Лестница — ты знаешь — крута и высока; суди же, чего стоило несчастному Варуху достичь до последней ступени. Кровь лилась из него ручьем. Звонарь — человек не злой — первый поднял вопль, бросился к Варуху и нашел его без чувств. На крик сбежалось множество прихожан, шедших к вечерням, и пораженный отнесен домой. Тотчас призван был знахарь, осмотрел поврежденные части и нашел, что у него левая рука переломлена, правая нога вывихнута, а на голове три неисцельные язвы довершали опасность.
Нашептывания и примочки имели свою силу.
Варух опомнился, равнодушно выслушал о своем сомнительном состоянии и, призвав меня, просил сходить за тобою.

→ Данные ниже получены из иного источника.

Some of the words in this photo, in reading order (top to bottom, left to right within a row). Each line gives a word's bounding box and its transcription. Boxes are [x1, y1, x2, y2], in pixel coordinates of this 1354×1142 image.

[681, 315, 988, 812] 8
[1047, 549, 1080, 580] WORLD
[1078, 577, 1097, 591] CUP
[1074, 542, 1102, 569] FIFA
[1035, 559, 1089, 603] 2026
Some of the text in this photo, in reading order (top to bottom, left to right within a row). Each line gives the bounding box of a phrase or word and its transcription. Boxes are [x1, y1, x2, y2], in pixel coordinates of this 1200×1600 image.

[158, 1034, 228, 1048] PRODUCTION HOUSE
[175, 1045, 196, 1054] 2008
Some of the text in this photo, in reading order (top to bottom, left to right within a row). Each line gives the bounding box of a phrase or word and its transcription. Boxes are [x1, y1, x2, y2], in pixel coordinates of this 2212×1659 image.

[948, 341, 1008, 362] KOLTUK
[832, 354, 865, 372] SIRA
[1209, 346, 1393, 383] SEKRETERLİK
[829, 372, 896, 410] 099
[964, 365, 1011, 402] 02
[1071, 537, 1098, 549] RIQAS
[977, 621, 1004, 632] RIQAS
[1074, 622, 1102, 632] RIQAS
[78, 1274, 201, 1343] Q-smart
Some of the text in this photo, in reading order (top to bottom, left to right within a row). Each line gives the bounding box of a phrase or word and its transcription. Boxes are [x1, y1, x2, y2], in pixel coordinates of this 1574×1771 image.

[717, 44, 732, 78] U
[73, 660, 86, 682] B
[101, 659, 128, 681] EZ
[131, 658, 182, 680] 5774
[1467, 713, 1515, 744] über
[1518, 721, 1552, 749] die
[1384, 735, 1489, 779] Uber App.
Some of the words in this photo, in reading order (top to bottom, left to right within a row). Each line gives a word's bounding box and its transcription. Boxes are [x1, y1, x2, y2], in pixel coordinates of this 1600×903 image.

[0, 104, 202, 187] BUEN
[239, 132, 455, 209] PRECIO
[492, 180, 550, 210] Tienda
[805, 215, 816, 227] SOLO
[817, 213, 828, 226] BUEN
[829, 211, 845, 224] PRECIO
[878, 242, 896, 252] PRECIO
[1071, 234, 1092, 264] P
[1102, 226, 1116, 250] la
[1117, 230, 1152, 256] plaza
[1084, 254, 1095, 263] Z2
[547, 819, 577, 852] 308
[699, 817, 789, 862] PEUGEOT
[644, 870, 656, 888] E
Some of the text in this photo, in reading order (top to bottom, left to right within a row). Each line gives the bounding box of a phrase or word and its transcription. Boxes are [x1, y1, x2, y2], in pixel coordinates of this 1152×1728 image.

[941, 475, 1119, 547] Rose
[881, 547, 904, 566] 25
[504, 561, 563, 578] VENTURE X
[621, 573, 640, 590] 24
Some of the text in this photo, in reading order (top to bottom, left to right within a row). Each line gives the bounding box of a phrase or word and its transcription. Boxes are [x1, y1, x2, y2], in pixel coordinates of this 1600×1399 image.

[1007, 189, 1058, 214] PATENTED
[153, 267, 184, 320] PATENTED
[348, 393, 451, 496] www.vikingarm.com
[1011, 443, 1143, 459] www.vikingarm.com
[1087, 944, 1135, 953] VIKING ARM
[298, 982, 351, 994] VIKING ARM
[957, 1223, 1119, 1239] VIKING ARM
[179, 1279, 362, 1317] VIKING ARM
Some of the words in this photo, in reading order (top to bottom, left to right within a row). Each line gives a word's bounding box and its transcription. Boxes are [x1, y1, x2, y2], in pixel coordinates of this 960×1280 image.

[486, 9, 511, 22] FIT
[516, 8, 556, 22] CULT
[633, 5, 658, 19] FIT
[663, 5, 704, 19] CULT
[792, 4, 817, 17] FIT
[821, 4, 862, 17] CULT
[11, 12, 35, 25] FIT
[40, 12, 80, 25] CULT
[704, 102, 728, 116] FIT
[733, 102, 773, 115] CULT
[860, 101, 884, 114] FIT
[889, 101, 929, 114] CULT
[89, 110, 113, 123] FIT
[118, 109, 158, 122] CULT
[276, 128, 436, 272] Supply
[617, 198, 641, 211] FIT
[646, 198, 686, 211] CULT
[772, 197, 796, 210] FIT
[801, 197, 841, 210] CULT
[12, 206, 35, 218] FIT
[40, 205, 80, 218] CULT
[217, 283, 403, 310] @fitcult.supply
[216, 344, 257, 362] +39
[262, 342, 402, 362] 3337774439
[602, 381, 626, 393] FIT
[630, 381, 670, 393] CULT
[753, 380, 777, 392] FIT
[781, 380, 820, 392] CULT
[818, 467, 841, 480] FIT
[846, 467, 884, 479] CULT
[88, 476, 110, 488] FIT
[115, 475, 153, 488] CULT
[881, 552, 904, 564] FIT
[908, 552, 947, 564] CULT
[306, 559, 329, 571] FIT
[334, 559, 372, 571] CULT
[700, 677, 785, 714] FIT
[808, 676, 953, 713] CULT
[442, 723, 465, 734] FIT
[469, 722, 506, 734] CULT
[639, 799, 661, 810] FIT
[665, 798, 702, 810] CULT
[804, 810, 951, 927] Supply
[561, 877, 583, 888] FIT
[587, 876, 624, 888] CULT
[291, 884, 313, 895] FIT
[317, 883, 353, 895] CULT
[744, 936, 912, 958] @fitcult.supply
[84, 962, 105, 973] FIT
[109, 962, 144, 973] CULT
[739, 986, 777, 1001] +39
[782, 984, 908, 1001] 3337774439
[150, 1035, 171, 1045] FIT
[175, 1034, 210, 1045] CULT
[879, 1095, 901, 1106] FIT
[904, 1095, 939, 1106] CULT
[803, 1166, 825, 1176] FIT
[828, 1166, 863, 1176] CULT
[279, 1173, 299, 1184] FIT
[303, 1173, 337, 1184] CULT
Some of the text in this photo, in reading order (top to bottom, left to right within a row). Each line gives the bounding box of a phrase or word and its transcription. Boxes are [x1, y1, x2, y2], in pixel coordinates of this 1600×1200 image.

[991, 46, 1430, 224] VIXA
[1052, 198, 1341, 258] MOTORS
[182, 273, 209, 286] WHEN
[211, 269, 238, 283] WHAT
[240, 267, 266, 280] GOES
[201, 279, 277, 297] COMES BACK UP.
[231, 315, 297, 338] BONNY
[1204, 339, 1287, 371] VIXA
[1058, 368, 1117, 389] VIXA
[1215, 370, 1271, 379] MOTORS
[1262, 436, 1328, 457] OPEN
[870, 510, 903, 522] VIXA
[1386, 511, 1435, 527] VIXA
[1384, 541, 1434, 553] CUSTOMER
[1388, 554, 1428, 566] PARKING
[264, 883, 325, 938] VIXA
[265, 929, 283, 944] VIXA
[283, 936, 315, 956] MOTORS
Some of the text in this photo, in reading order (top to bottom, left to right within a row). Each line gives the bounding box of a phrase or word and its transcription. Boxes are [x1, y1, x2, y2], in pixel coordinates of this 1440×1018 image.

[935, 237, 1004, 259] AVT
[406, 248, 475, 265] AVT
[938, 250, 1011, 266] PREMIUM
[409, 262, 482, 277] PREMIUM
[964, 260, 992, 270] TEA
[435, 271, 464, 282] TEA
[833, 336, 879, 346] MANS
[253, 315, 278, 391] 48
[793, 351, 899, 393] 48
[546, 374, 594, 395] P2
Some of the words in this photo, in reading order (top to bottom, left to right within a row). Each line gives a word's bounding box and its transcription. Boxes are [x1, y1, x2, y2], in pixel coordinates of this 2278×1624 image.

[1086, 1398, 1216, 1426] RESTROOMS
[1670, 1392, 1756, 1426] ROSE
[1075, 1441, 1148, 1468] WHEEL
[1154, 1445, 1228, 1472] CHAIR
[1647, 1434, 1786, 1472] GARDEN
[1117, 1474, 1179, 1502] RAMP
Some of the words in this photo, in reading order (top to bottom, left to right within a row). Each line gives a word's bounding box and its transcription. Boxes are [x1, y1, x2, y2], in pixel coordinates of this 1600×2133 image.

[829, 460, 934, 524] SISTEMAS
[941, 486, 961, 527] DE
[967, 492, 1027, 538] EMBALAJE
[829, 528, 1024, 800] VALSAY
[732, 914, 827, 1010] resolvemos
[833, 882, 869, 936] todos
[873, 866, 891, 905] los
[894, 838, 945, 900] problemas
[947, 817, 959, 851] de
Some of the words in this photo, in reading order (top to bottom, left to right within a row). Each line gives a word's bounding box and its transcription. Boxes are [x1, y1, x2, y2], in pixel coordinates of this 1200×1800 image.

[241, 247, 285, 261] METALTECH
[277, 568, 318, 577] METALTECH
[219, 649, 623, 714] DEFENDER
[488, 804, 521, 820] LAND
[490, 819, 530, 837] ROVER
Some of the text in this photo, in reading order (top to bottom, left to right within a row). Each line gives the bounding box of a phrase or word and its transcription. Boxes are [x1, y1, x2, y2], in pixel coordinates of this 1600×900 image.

— Вот какова жизнь человеческая, — примолвил Вакх со вздохом, — живи, живи, да и умри! Что, господин студент, не поворотить ли нам направо по этой утоптанной дорожке?
— А куда ведет она?
— Разве не видишь там, подле лесу, большой хаты? Это шинок, и в нем всегда можно найти преизрядное вино. Если ты, по примеру всех бурсаков, путешествуешь без лишней копейки и от подати, заплаченной Мастридии, ничего не осталось, так пастухи в сем случае догадливее. Пойдем-ка!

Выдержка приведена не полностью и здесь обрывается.